Quelle persone che definiscono Jan di Skrolyka “folle”, sono persone che non hanno mai amato davvero qualcuno, o, se lo hanno fatto, non hanno mai perso quel qualcuno insieme ad un pezzo del loro cuore. Jan è pazzo, sì, ma di amore; un amore incondizionato nei confronti della figlia.
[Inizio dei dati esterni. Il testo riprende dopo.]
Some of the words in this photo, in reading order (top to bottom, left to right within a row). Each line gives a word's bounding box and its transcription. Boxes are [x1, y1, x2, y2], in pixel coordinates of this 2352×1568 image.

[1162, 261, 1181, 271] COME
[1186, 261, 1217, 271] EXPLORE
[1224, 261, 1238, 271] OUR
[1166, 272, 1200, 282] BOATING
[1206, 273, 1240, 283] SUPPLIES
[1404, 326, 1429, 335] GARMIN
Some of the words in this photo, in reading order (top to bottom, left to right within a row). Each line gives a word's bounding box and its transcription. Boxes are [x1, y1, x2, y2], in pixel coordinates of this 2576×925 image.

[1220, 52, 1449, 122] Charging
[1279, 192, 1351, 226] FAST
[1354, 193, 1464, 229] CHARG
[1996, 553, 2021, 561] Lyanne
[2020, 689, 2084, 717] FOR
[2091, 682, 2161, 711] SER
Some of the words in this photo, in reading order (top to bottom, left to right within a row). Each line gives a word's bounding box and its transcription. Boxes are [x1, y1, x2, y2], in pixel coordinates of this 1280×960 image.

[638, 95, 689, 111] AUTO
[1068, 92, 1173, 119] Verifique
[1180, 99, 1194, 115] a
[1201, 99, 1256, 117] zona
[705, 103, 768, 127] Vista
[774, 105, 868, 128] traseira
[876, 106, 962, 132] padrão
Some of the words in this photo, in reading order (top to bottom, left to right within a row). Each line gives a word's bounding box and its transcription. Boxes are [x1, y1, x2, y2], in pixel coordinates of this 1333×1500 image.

Quello che prova l’uomo per la ragazza è un sentimento che nessuno pare capire all’interno del libro, se non l’uomo stesso, e a causa proprio di questo sentimento, davanti agli occhi del protagonista si crea un muro, un muro talmente resistente da non poter essere distrutto e al tempo stesso fragile come il vetro; ma non un vetro trasparente, di quelli che ti bloccano nel tuo mondo senza permetterti di tornare alla realtà, consentendoti però di osservarla; piuttosto un vetro opaco, che deforma la realtà, la sfuma, negando così a Jan di vederla nella sua pienezza, costringendolo quindi ad immaginarla…a sognarla.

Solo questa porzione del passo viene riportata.